1. Elliott Wave (3) is usually the strongest wave


2. Elliott Wave (5) and Elliott Wave (1) are very often equal in price
3. Elliott Wave – The rule of “alternation”
4. Elliott Wave (2) usually unfolds as a simple abc correction
5. Once a 5-wave sequence is complete, the whole sequence is corrected
6. The first leg off the move from a completd 5 wave sequence, oftem finds support/resistance at the
prioe minor Wave (4)
7. Once a correction is complete, the main trend resumes
8. Elliott Wave (4) can retrace into the area of Elliott Wave (1) (slightly)

Now we have finished the specific Elliott Wave rules and also some General Observations, you should be
ready to apply these to some charts. But before you do, we suggest taking a look at the next section on
how to trade Elliott Wave, especially as this outlines how Elliott Wave patterns unfold in todays markets,
and as such, how they are best traded……
1. Elliott Wave 3 observations

Elliott Wave (3) is usually the strongest wave

Elliott Wave rule no:2 stated that Wave (3) cannot be the shortest wave in a complete 5 wave sequence. In
practice, Wave (3) is usually the strongest and longest wave. As wave (3) is usually the longest and
strongest wave it normally carries

Wave (3) very often is the extended wave, where this swing trades beyond what is considered normal in a
completed 5-wave sequence. Again this makes this an ideal wave to trade, because of its large profit
potential.

2. Elliott Wave (1) and (5)

Elliott Wave (1) and Elliot Wave (5) are very often equal in Price

If Wave (3) is the extended wave (i.e. it is the longest Wave) then very often Wave (1) and Wave (5) tend to
be approximately equal in price.

As wave (5) is very often equal in price to Wave (1), once Wave (4) is complete, this allows an easy way to
approximate where the Wave (5) will end.
3. The rule of Alternation

The rule of Alternation There is a general tendency for the pattern of the two corrective swings in a
completed 5-wave sequence to alternate between a simple (very often an ABC) correction and one of the
more complicated or “complex” Elliott corrections.

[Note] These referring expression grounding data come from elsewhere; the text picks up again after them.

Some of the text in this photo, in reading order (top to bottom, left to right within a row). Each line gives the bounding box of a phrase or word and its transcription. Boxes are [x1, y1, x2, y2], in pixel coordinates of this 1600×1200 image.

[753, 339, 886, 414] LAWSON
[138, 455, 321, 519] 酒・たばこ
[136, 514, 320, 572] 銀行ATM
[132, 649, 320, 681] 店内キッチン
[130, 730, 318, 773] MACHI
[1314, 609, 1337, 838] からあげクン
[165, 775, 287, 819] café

This is a very helpful observation, because if Wave 2 unfolds as a simple ABC correction then the
probabilities will favour that Wave 4 will unfold as a more complex correction. And vice-versa, if Wave 2 is
complex, then you should anticipate that wave 4 is likely to unfold as a simple ABC pattern.

4. Elliott Wave 2 observations

Elliott Wave (2) generally unfolds as a simple abc correction

In most cases Wave (2) usually unfolds as a simple ABC correction. Or put another way, a simple ABC
correction is found in a Wave (2) correction more often than in a Wave (4).

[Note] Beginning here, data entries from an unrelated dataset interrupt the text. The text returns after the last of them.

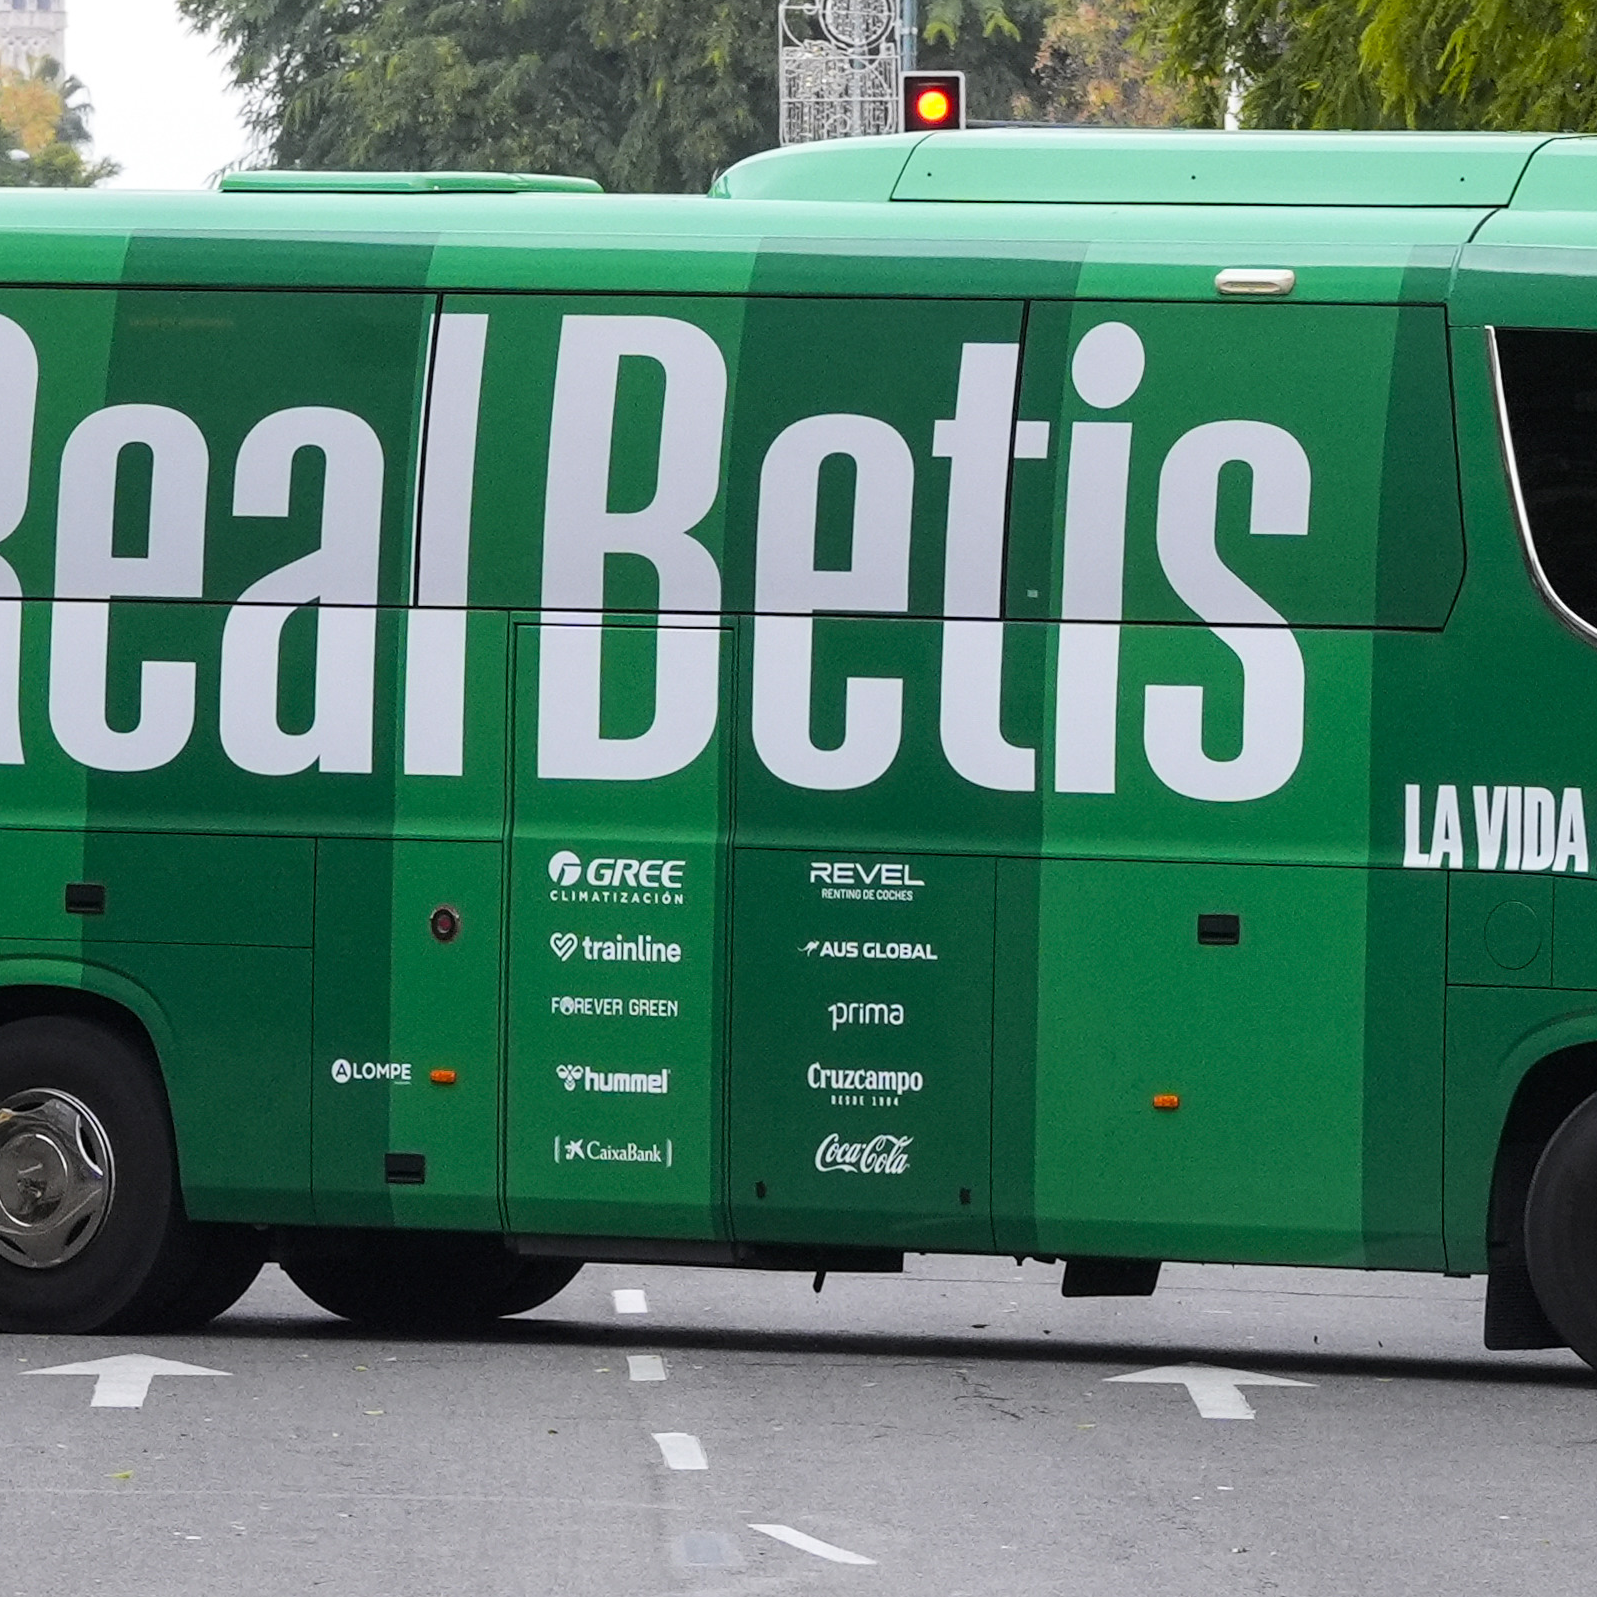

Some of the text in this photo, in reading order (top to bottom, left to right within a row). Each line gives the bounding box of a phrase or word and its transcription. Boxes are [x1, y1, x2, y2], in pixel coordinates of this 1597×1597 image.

[537, 313, 1312, 802] Betis
[1403, 784, 1464, 870] LA
[1472, 785, 1589, 873] VIDA
[585, 857, 687, 889] GREE
[809, 861, 926, 887] REVEL
[549, 889, 684, 905] CLIMATIZACIÓN
[821, 887, 914, 902] RENTING DE COCHES
[581, 933, 682, 963] trainline
[819, 940, 939, 961] AUS GLOBAL
[551, 995, 679, 1018] FOREVER GREEN
[827, 1002, 905, 1032] prima
[584, 1065, 668, 1094] hummel
[806, 1061, 924, 1096] Cruzcampo
[830, 1094, 865, 1106] DESDE
[586, 1140, 662, 1163] CaixaBank

Again, this is a very useful piece of information, because once Wave (1) is complete, then the most likely
pattern to unfold is a simple ABC correction.

And, because of the rule of alternation, this leads onto Wave (4) usually being the complex correction in a
completed 5-wave sequence.
5. Elliott Wave 5 Complete

Once an Elliott Wave (5) is complete, the whole sequence is corrected

Once the Wave 5 of a completed 5-wave sequence is complete a correction will unfold that corrects the
entire prior 5-wave sequence.

What this means in practice is that once Wave 5 is complete a correction which is larger than any
correction incurred during the prior 5-wave sequence should then unfold.

6. The initial swing

The initial swing off a completed 5 wave sequence will often find support/resistance in the area of the
prior minor Wave (4)

Again, this is a very useful observation as it gives you an approximate target for the first swing of the
correction following the end of a completed 5-wave sequence. In Elliott wave terms this is the Wave (1orA)

Here you can see how the first swing off the Wave (5) high found support "in the area of" the price level of
the prior minor Wave (4). In practice this area is usually slightly exceeded, and support is found just beyond
this prior Wave (4) level, this is usually at the Decision Point (DP) level form the prior Wave (4).
7. Correction is complete

Once a correction is complete, the main trend resumes

Again, this is a very important observation, because it allows you to anticipate that once a corrective
sequence (ideally a simple abc) is complete, it should be followed by a strong and impulsive move in the
original trend direction.

8. Elliott Wave 4 observation

Elliott Wave (4) can retrace into the area of Wave (1) (slightly)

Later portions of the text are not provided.